*TASK DESCRIPTION*. Return the data below in full and exactly, except that the pictures are dropped.
INPUT: Begin
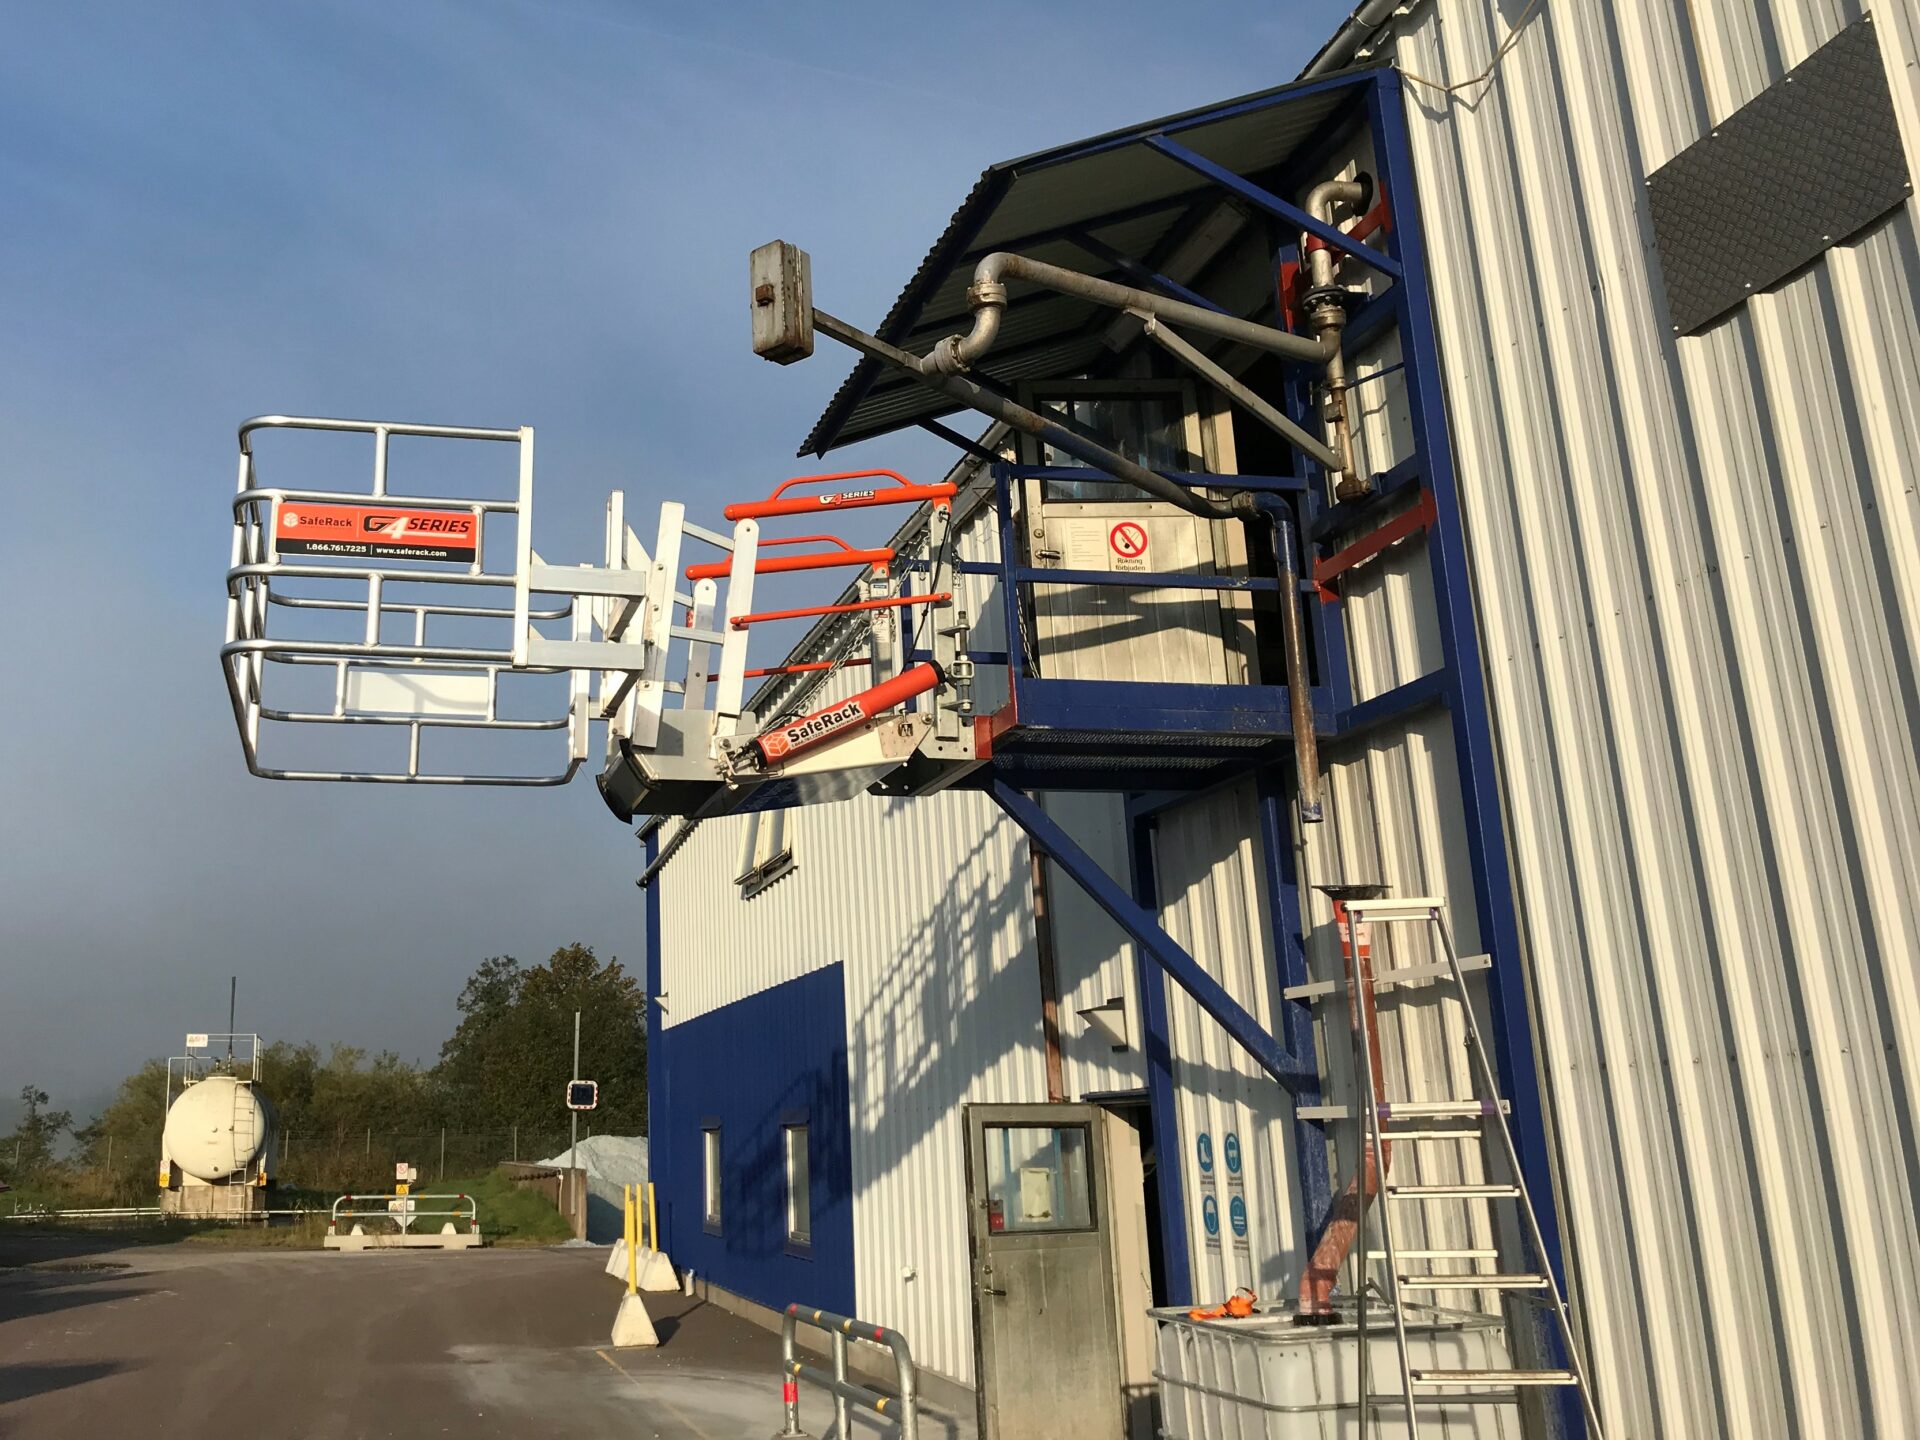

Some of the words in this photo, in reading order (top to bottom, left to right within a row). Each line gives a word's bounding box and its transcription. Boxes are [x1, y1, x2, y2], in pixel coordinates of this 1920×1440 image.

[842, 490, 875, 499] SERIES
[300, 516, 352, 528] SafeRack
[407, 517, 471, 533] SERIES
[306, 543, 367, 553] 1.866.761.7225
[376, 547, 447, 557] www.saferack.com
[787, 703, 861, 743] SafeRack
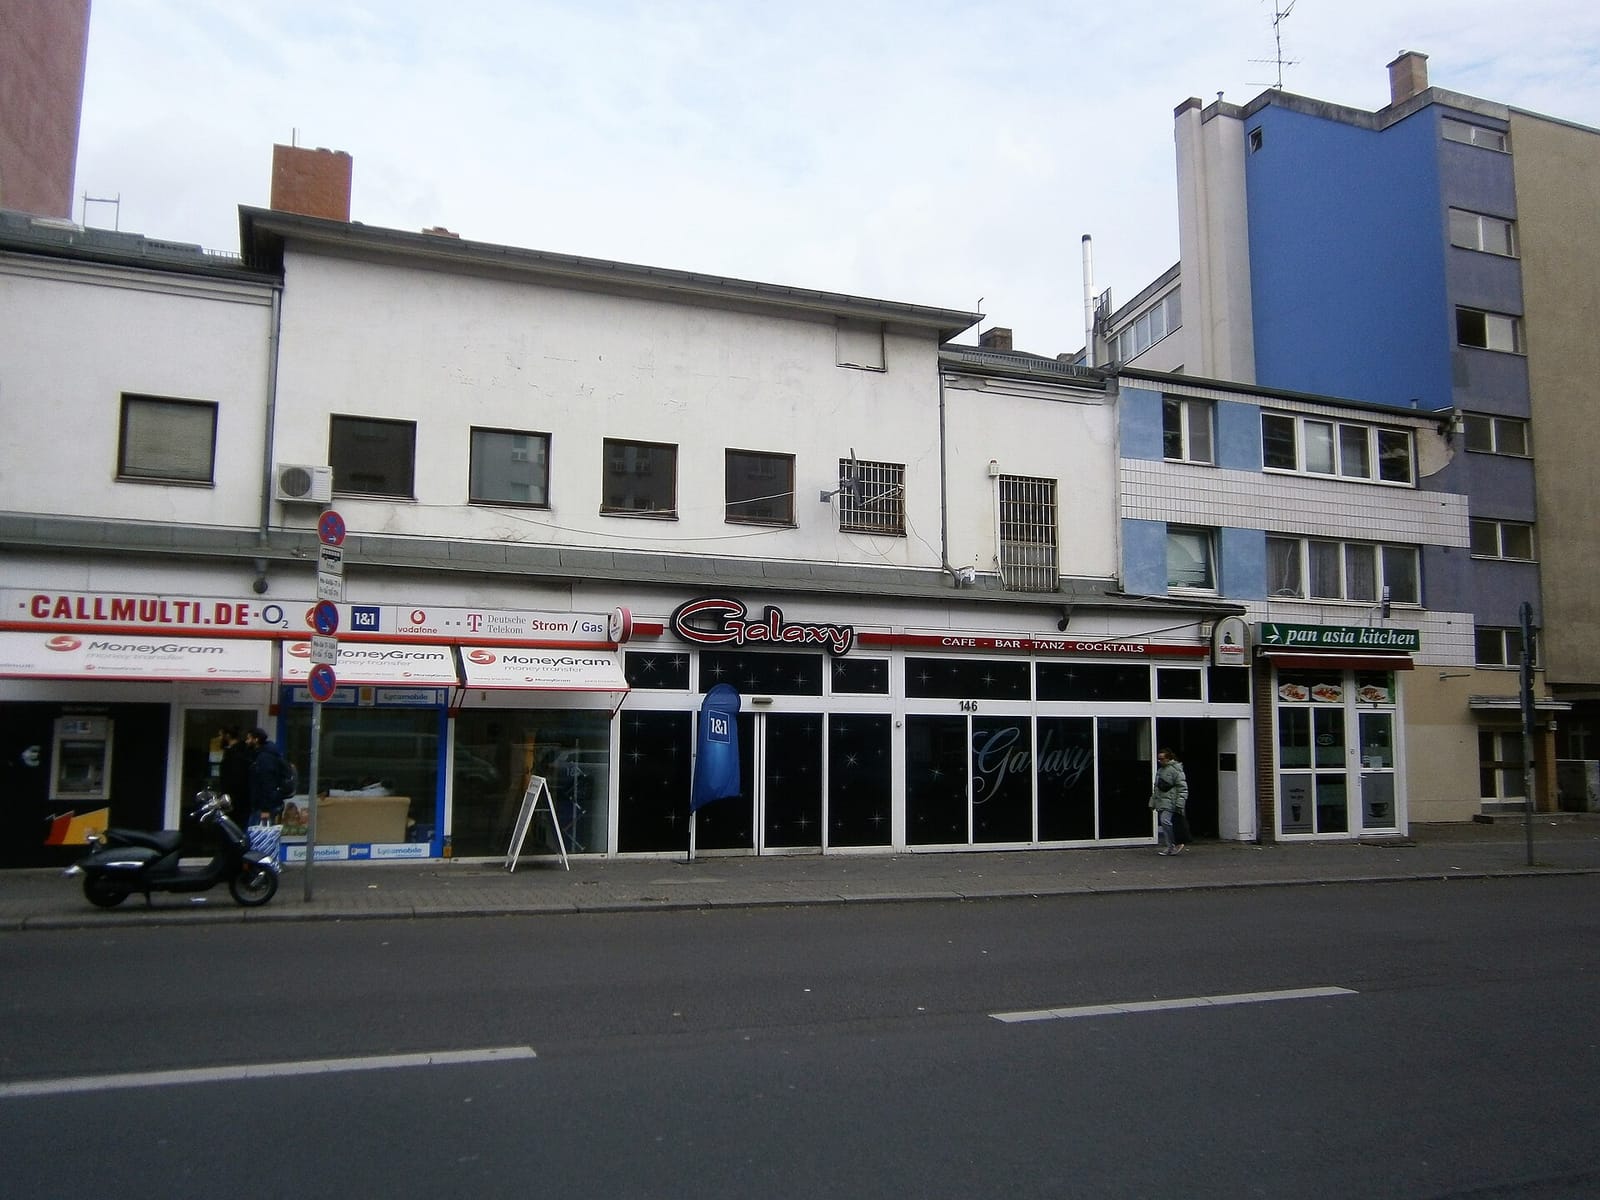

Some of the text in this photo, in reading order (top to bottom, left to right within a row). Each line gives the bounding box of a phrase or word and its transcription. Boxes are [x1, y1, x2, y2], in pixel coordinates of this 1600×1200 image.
INPUT: End
*WRITTEN RESPONSE*.
Some of the words in this photo, in reading order (top to bottom, left to right within a row). Each line gives a word's bounding box and its transcription. Boxes are [x1, y1, x2, y2], in pixel coordinates of this 1920×1440 image.

[842, 490, 875, 499] SERIES
[300, 516, 352, 528] SafeRack
[407, 517, 471, 533] SERIES
[306, 543, 367, 553] 1.866.761.7225
[376, 547, 447, 557] www.saferack.com
[787, 703, 861, 743] SafeRack

Some of the text in this photo, in reading order (top to bottom, left to right within a row). Each line gives the bounding box of a phrase or word and its transcription. Boxes are [x1, y1, x2, y2], in pixel coordinates of this 1600×1200 image.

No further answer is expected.